### Task requirements
Could you return all of the entries below exactly, minus the pictures?

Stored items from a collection

[Start of section]

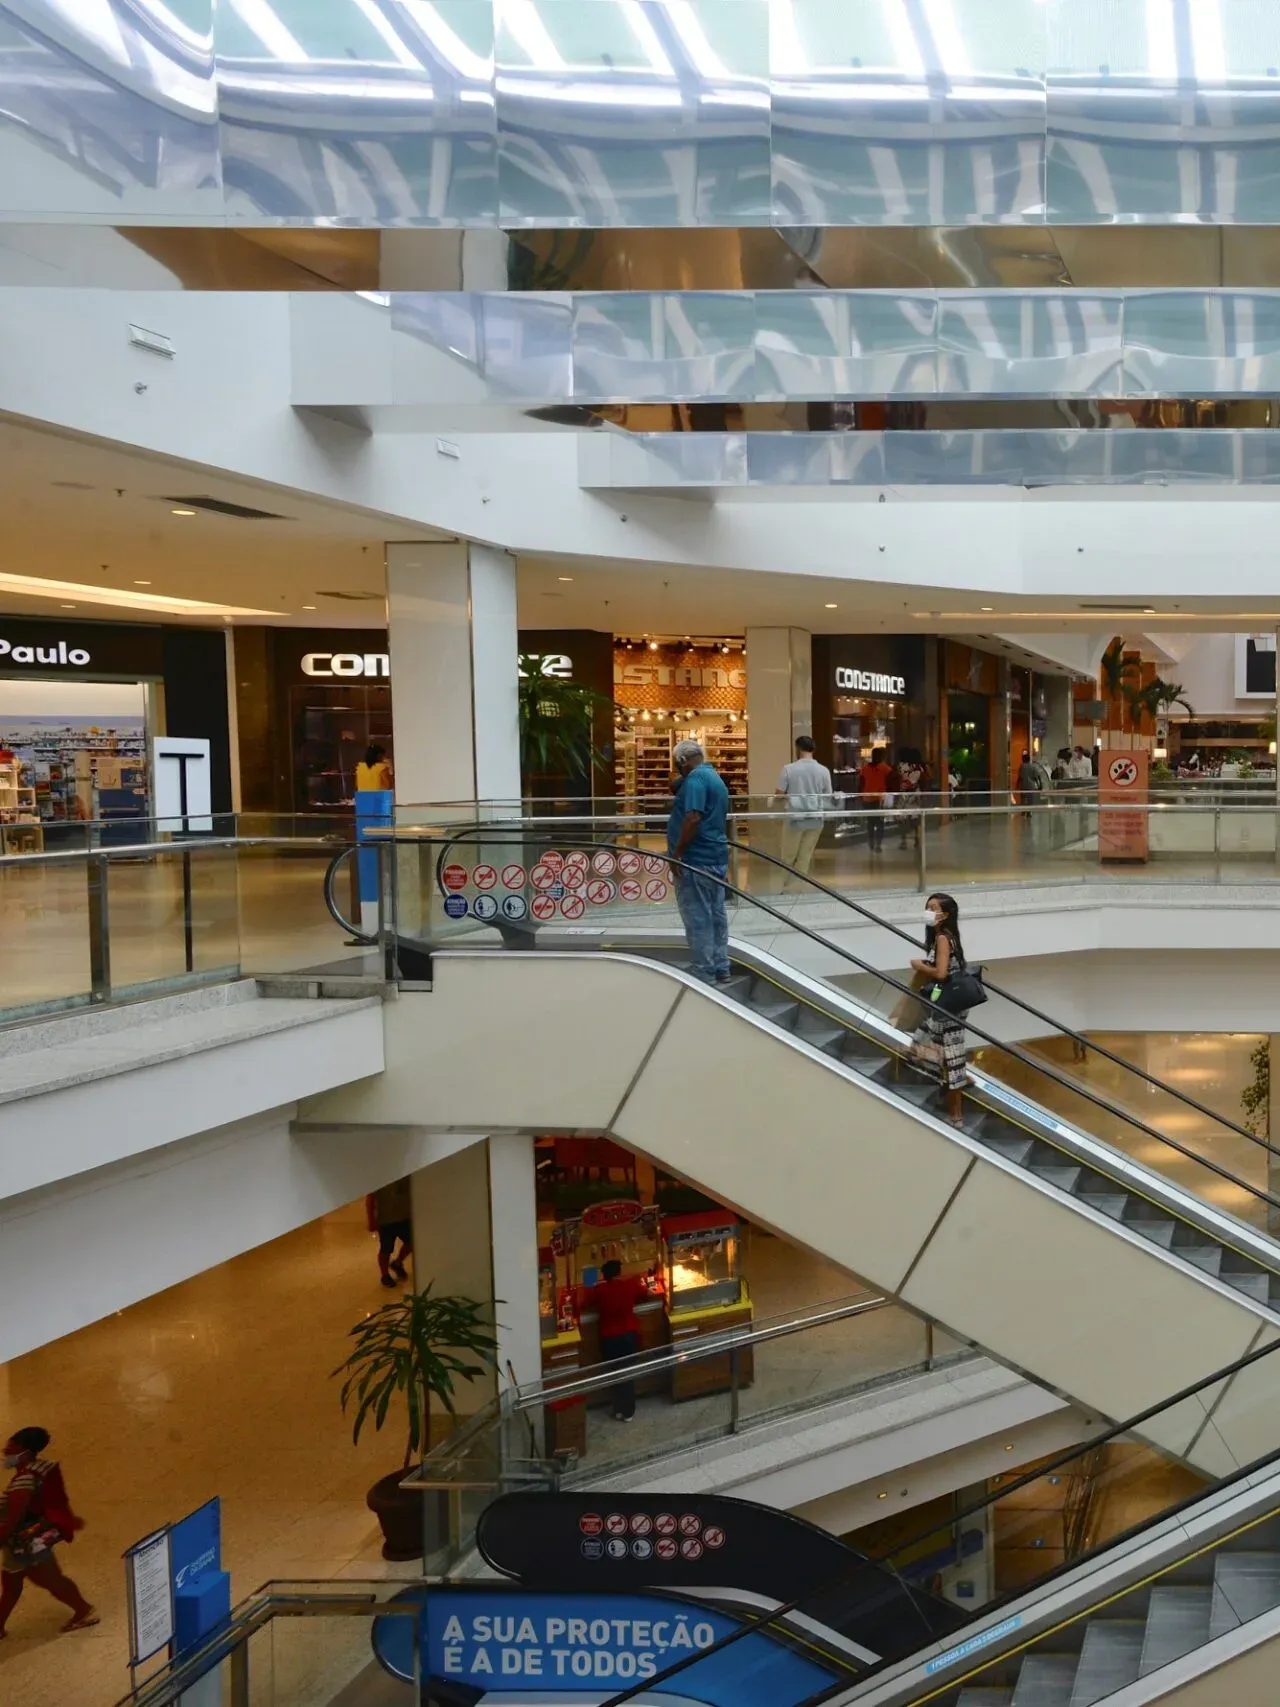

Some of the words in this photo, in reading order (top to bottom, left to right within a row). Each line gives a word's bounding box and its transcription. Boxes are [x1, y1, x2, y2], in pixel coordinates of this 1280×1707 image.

[835, 666, 906, 695] CONSTANCE
[442, 1615, 466, 1642] A
[472, 1616, 538, 1643] SUA
[546, 1614, 715, 1653] PROTEÇÃO
[443, 1638, 463, 1673] É
[470, 1647, 494, 1674] A
[501, 1648, 543, 1675] DE
[551, 1650, 657, 1678] TODOS

[End of section]

### Response
Some of the words in this photo, in reading order (top to bottom, left to right within a row). Each line gives a word's bounding box and its transcription. Boxes are [x1, y1, x2, y2], in pixel coordinates of this 1280×1707 image.

[835, 666, 906, 695] CONSTANCE
[442, 1615, 466, 1642] A
[472, 1616, 538, 1643] SUA
[546, 1614, 715, 1653] PROTEÇÃO
[443, 1638, 463, 1673] É
[470, 1647, 494, 1674] A
[501, 1648, 543, 1675] DE
[551, 1650, 657, 1678] TODOS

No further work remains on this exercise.